Huang David T
The CRISMA (Clinical Research, Investigation, and Systems Modeling of Acute Illness) Laboratory, Department of Critical Care Medicine, Department of Emergency Medicine, University of Pittsburgh, Pittsburgh, Pennsylvania, USA.
Crit Care. 2004 Dec;8(6):498-502. doi: 10.1186/cc2920. Epub 2004 Aug 3.

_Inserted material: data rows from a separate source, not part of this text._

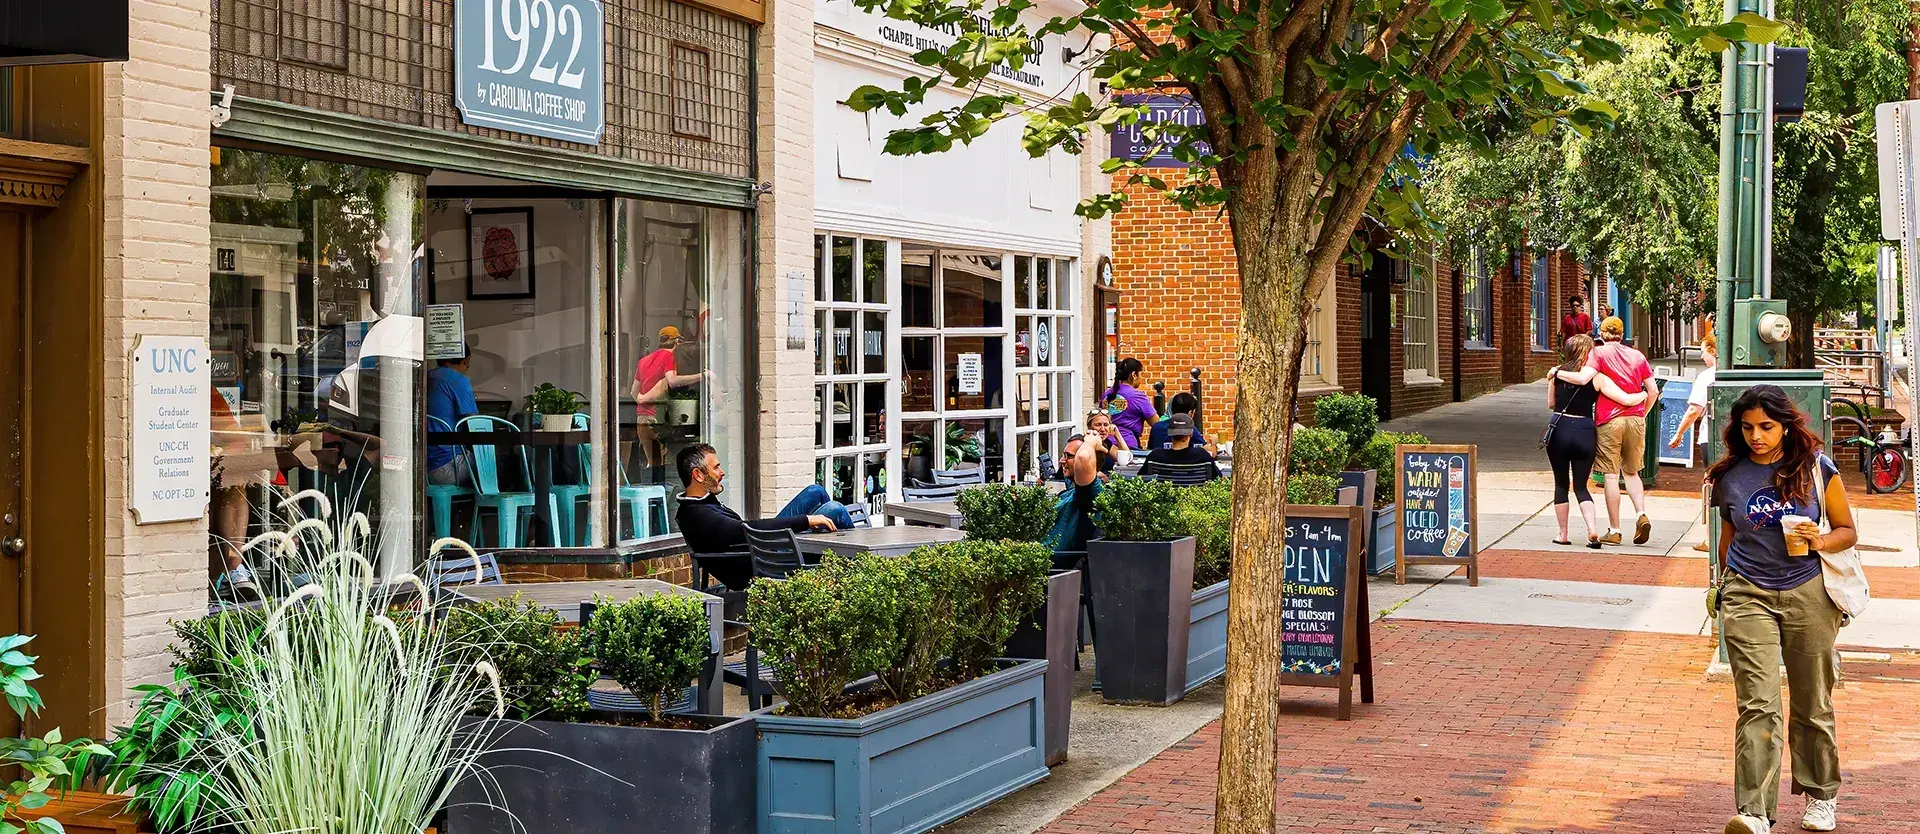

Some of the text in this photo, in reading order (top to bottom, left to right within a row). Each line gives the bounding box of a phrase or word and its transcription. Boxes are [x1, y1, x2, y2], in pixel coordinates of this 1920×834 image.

[882, 25, 915, 48] CHAPEL
[477, 0, 586, 90] 1922
[1001, 64, 1041, 88] RESTAURANT
[477, 82, 586, 122] by CAROLINA COFFEE SHOP
[218, 250, 235, 271] 140
[837, 329, 848, 356] EAT
[151, 348, 197, 374] UNC
[150, 385, 197, 395] Internal Audit
[158, 407, 190, 417] Graduate
[149, 420, 199, 431] Student Center
[1669, 413, 1678, 441] Cente
[158, 440, 189, 452] UNC-CH
[153, 455, 194, 466] Government
[1407, 454, 1448, 473] baby it's
[158, 468, 189, 479] Relations
[1406, 471, 1443, 488] WARM
[152, 490, 164, 501] NC
[164, 489, 181, 500] OPT
[1407, 488, 1440, 499] outside!
[1405, 499, 1435, 510] HAVE AN
[1749, 501, 1795, 514] NASA
[1406, 510, 1439, 529] ICED
[1407, 528, 1446, 543] coffee
[1283, 544, 1330, 583] PEN
[1291, 598, 1314, 608] ROSE
[1298, 610, 1335, 621] BLOSSOM
[1285, 621, 1329, 632] SPECIALS:

Critical care is both expensive and increasing. Emergency department (ED) management of critically ill patients before intensive care unit (ICU) admission is an under-explored area of potential cost saving in the ICU. Although limited, current data suggest that ED care has a significant impact on ICU costs both positive and negative. ICU practices can also affect the ED, with a lack of ICU beds being the primary reason for ED overcrowding and ambulance diversion in the USA. Earlier application in the ED of intensive therapies such as goal-directed therapy and noninvasive ventilation may reduce ICU costs by decreasing length of stay and need for admission. Future critical care policies and health services research should include both the ED and ICU in their analyses.
重症监护成本高昂且不断增加。在重症监护病房(ICU)收治之前,急诊科(ED)对重症患者的管理是ICU潜在成本节约方面一个尚未充分探索的领域。尽管现有数据有限,但目前的数据表明,急诊科护理对ICU成本有着显著的正负两方面影响。ICU的做法也会影响急诊科,在美国,ICU床位短缺是急诊科过度拥挤和救护车改道的主要原因。在急诊科更早地应用诸如目标导向治疗和无创通气等强化治疗,可能通过缩短住院时间和减少入院需求来降低ICU成本。未来的重症监护政策和卫生服务研究应在分析中纳入急诊科和ICU。